• **Exercise details**
When you restate the data, keep every word as it is and drop the images.

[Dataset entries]
+---+

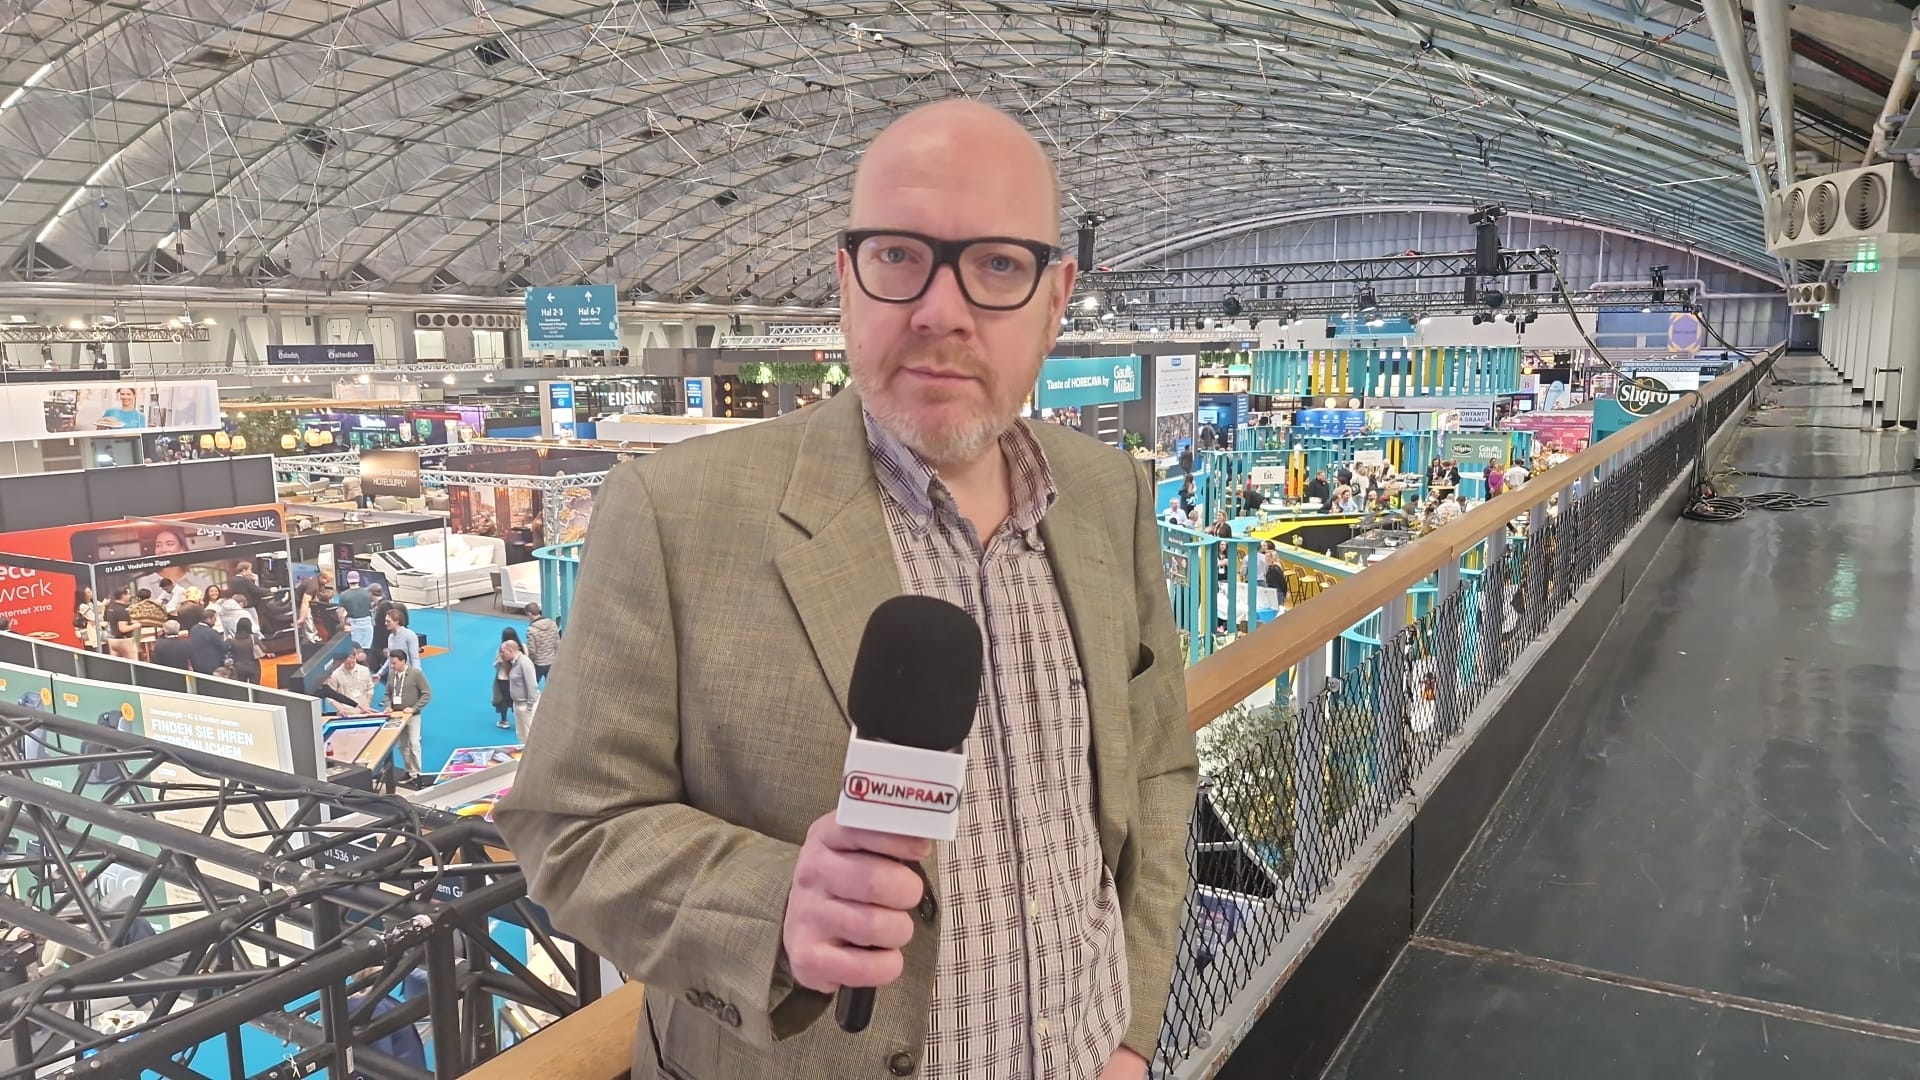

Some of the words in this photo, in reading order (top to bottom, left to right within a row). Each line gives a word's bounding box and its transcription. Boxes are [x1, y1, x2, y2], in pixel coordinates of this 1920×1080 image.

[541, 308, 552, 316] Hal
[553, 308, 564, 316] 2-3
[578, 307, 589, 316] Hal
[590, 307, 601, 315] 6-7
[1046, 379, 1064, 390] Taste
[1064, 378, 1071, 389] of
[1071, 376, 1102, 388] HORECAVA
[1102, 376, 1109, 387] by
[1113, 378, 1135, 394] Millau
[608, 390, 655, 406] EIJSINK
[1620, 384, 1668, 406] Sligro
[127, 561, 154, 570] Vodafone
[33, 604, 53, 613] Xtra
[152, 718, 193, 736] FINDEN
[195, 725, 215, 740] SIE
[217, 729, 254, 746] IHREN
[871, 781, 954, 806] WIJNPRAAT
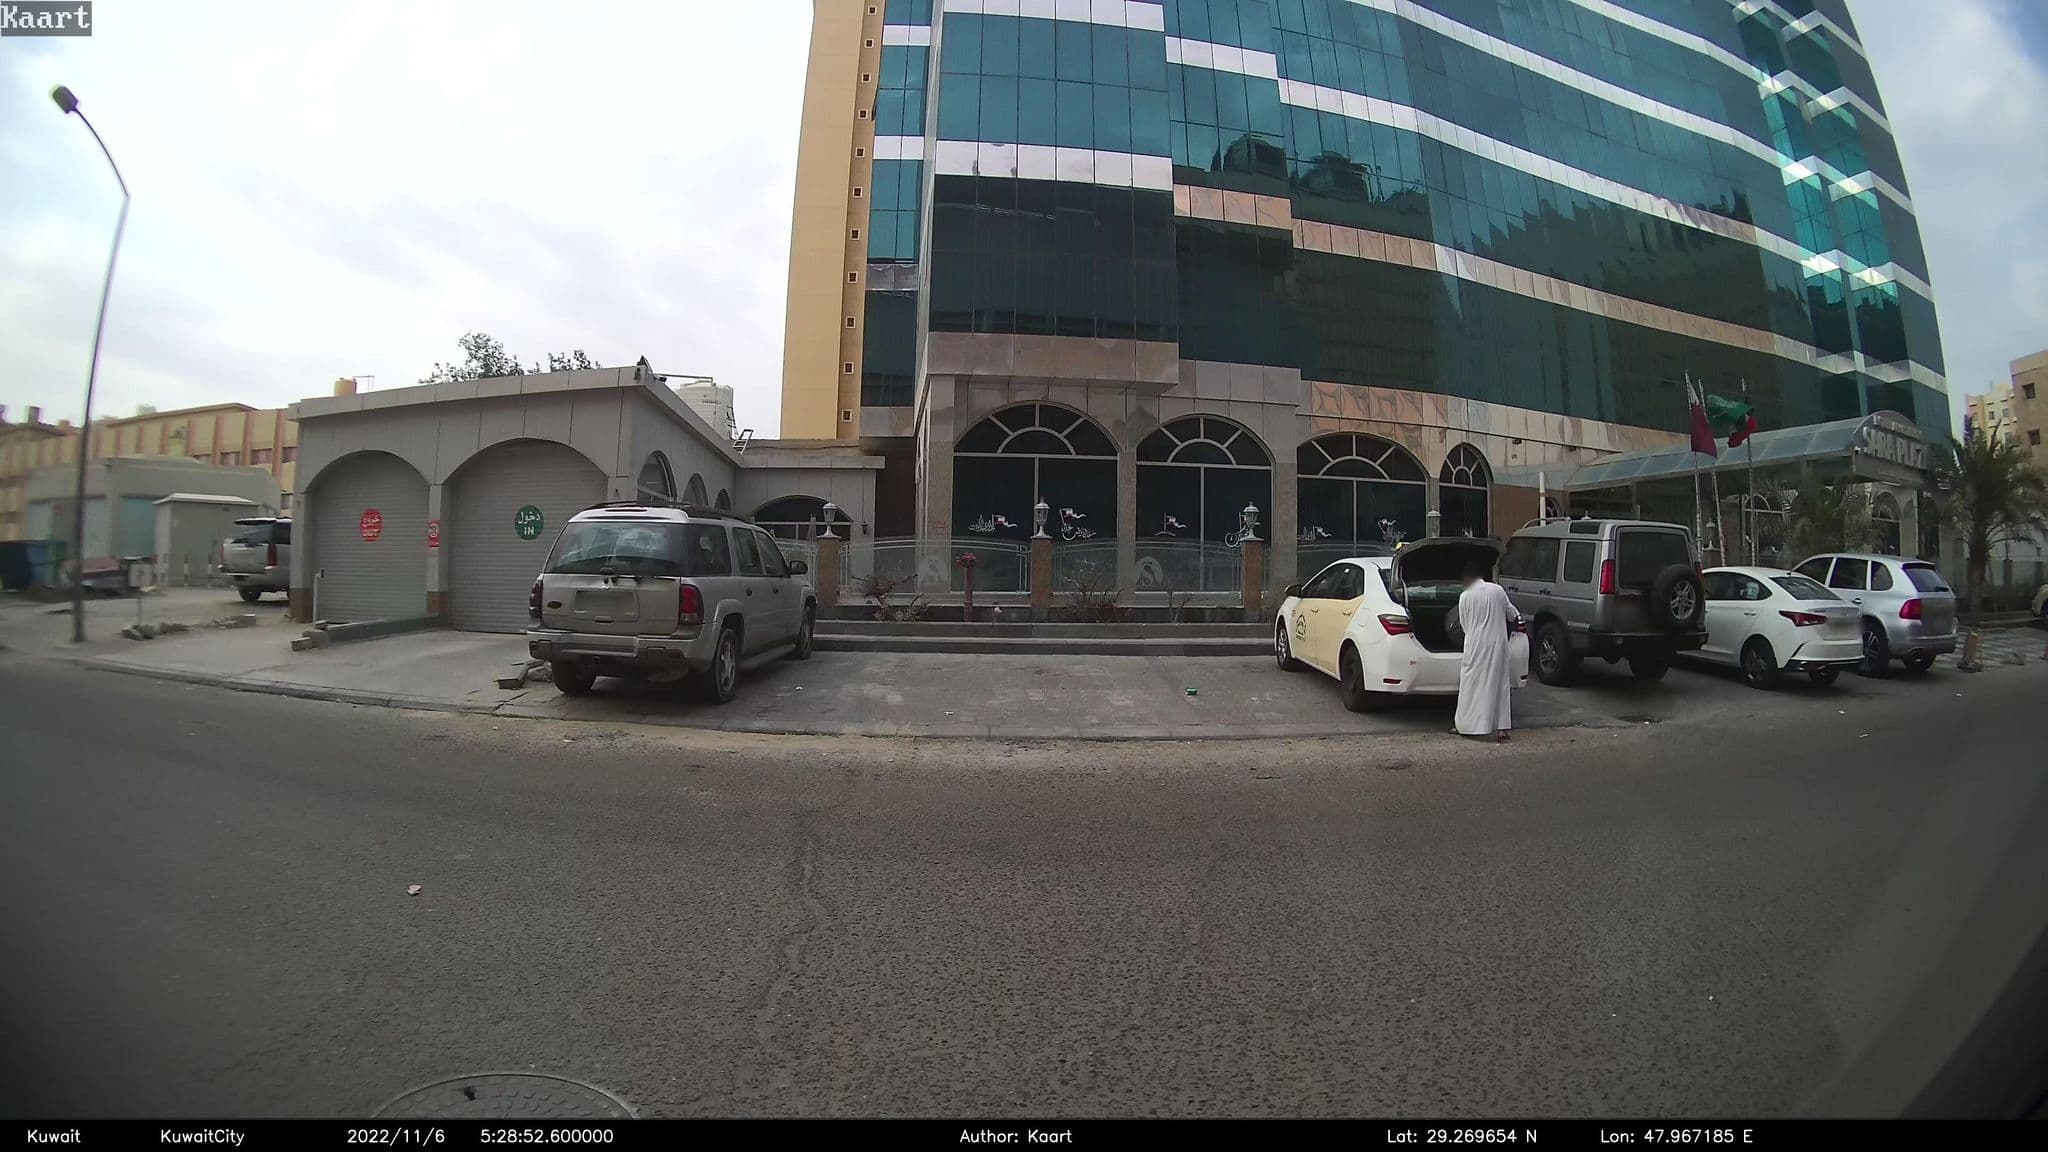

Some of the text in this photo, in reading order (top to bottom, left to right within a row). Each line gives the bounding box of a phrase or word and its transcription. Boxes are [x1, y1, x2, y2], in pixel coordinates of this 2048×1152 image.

+---+

• **Solution for this exercise**
Some of the words in this photo, in reading order (top to bottom, left to right within a row). Each line gives a word's bounding box and its transcription. Boxes are [x1, y1, x2, y2], in pixel coordinates of this 1920×1080 image.

[541, 308, 552, 316] Hal
[553, 308, 564, 316] 2-3
[578, 307, 589, 316] Hal
[590, 307, 601, 315] 6-7
[1046, 379, 1064, 390] Taste
[1064, 378, 1071, 389] of
[1071, 376, 1102, 388] HORECAVA
[1102, 376, 1109, 387] by
[1113, 378, 1135, 394] Millau
[608, 390, 655, 406] EIJSINK
[1620, 384, 1668, 406] Sligro
[127, 561, 154, 570] Vodafone
[33, 604, 53, 613] Xtra
[152, 718, 193, 736] FINDEN
[195, 725, 215, 740] SIE
[217, 729, 254, 746] IHREN
[871, 781, 954, 806] WIJNPRAAT

Some of the text in this photo, in reading order (top to bottom, left to right within a row). Each line gives the bounding box of a phrase or word and its transcription. Boxes are [x1, y1, x2, y2], in pixel coordinates of this 2048×1152 image.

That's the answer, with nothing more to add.